There are different activities involved in designing a product that will give a good user experience. Such a product's user experience design process starts with user research to know user needs, drawing wireframes, creating prototypes, and organizing the information architecture.
It also involves conducting usability testing, designing the user interface, and meeting with stakeholders before the product finally gets to the user.
These processes are standard UX design methodologies and are built on the critical elements of the website or product user experience.
So, a user's interaction with a product is based on the elements of user experience. The user's interaction will also determine his decisions and perceptions.
Thus, we can understand user behavior in decision-making by studying the elements of user experience on the website. It is safe to say that the elements of the user experience of a product determine the user behavior and, ultimately, the user satisfaction.
There are five critical elements of the user experience design process. Understanding these elements will also improve a designer's approach to creating products.
An Introduction to the Five Elements of UX Design
Five dependent layers of the process make up the elements of user experience design. Each layer builds on the previous one. So, a layer's requirements must be complete before moving on to the next.

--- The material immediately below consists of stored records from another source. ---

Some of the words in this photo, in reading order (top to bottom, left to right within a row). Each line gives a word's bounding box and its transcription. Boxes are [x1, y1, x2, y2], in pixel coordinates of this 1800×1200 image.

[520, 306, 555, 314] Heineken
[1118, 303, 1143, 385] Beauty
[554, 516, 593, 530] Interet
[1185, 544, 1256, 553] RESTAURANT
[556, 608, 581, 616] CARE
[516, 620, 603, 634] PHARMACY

These layers are also called the five planes of user experience design.
The five planes are:
The Strategy Plane.
The Scope Plane.
The Structure Plane.
The Skeleton Plane.
The Surface Plane
These elements, otherwise called planes, function interdependently with one another. Your decisions on one of these elements in your design will affect the next element. Thus, it is wise to base the next element's definition on the previous element's outcome.

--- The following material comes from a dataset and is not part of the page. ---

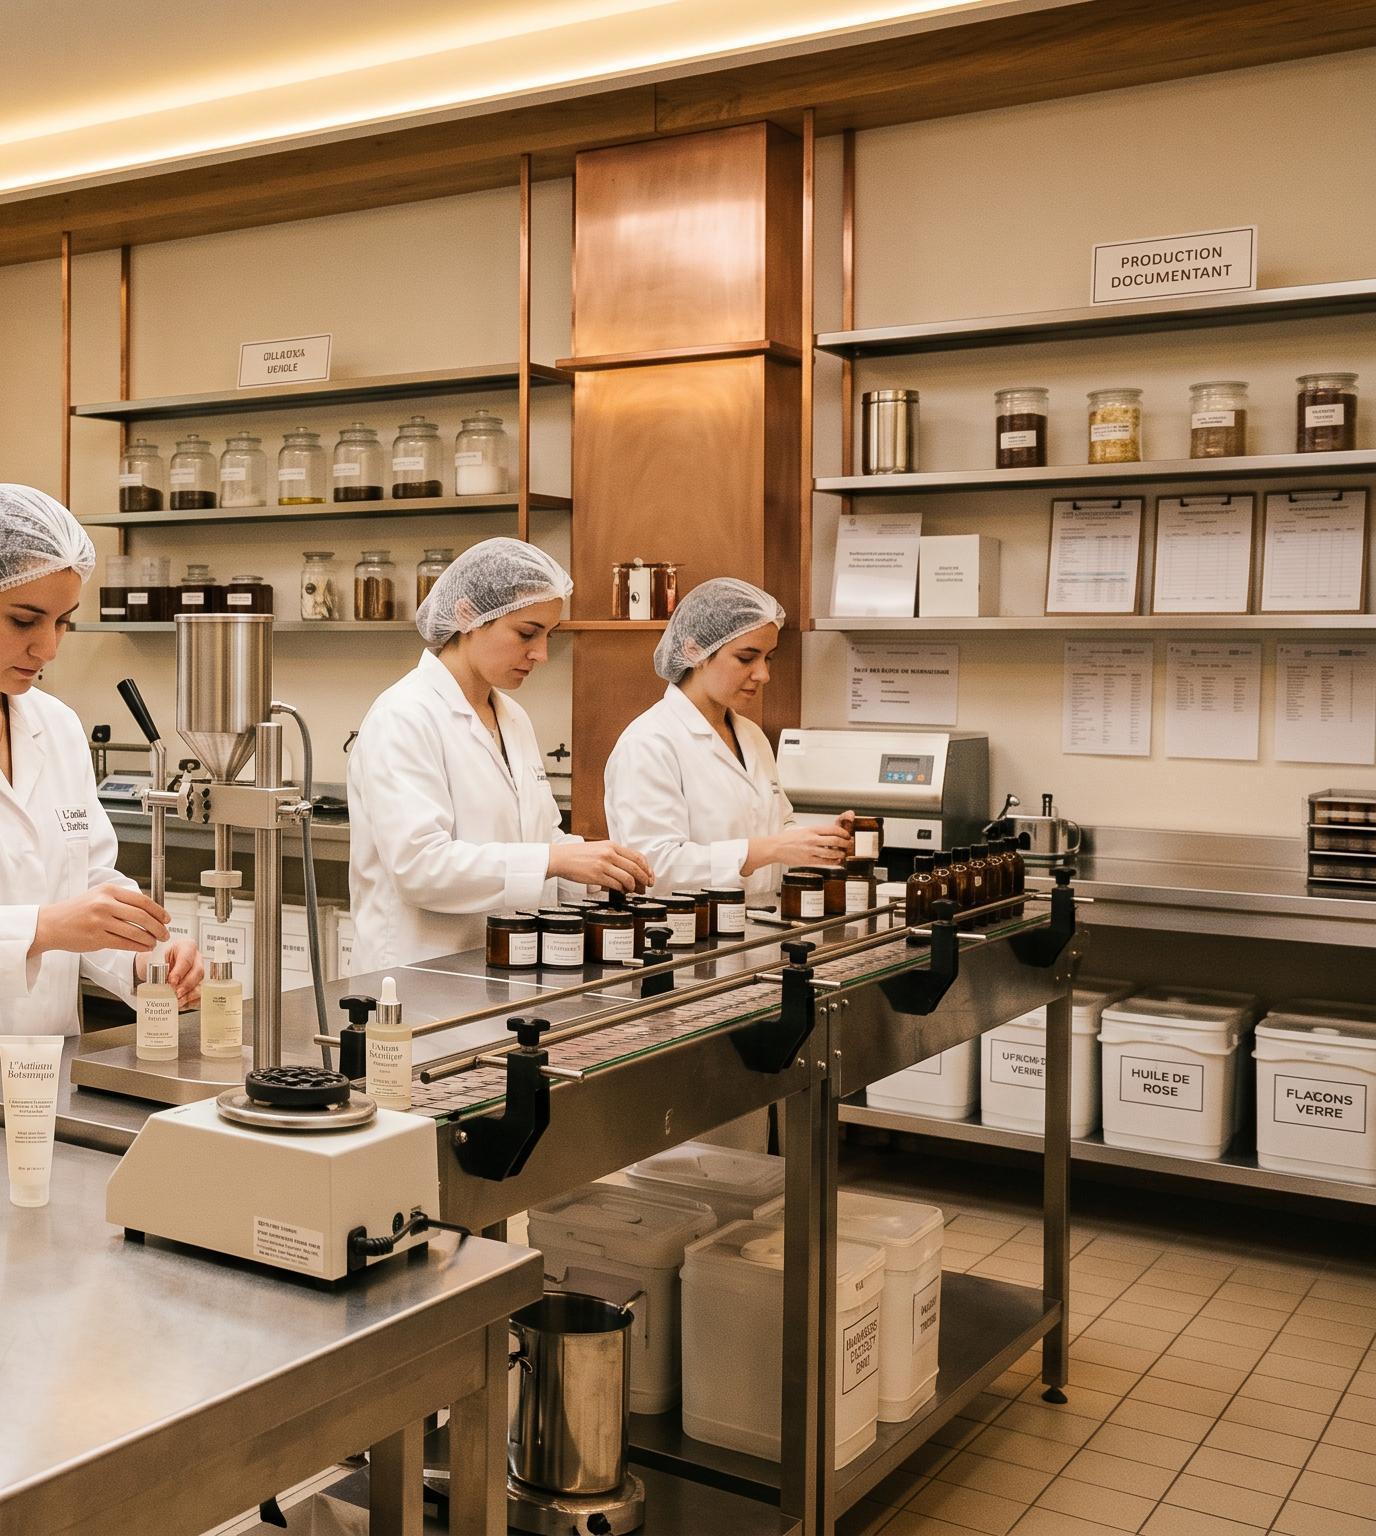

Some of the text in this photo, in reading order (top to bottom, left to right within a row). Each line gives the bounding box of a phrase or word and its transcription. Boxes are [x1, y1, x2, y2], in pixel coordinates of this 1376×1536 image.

It is essential to go through the five elements if you want to design a product with an excellent visual design and seamless user experience. These elements help you stay conscious of the user throughout your design process.
The strategy plane builds on abstract ideas about the product. You confirm the user needs from user research and define the product's business objectives. This leads to the scope. The scoping plane is to translate the user needs and business objectives to functional and content requirements.
Furthermore, the structure defines interaction design and information architecture. Then, we have the skeleton, where you determine the visual form. The skeleton is divided into the interface design, the navigation design, and the information design.
The last plane, the surface plane, deals with the visual appearance of content on the screen and how users can interact with the content.
Now, let's get a detailed explanation of these elements.
The Strategy Plane
The strategy plane defines the product. Who is our target audience? What is the usefulness of the product?
You will answer these questions in this plane through a strategic research process involving user research to understand user needs, stakeholder interviews, and competitor reviews.
Activities in the strategy plane
Some of the activities in the strategy plane include:
Writing Business objectives. Business objectives are the main targets of the product set by the organization. The user's needs determine them. They also significantly influence the product's design and the best time to launch the product.
Conducting user research for user needs. User needs are an essential part of UX design. We will not have UX designers if there are no problems to solve. So, it is crucial to consider the user's needs in determining the design strategy. The best way to understand the user's needs is by conducting user research. User research helps you identify the pain points and emotions of the user concerning the proposed product.
Usability testing. Usability testing helps you evaluate the reaction of users to the product. During usability testing, you will discover the product's ease of use and how to improve it. It is still part of setting the strategy for the product.
Creating user personas. To make strategizing easy, it is essential to create user personas. A user persona is a pictorial representation of your user. User personas are constant reminders of your users throughout the design process.
The Scope Plane
The scope plane deals with the functional and content requirements of the design.
Strategy is translated to scope when we turn our clearly defined objectives into specific provisions that address the target audience's pain points. The functional and content requirements would have to sync with the strategic goals.
The scope plane is divided into two:
Functional specifications. The functional specifications are concerned with the product's features, functions, and overall functionality. It also deals with how users can use the features and functions to meet their objectives.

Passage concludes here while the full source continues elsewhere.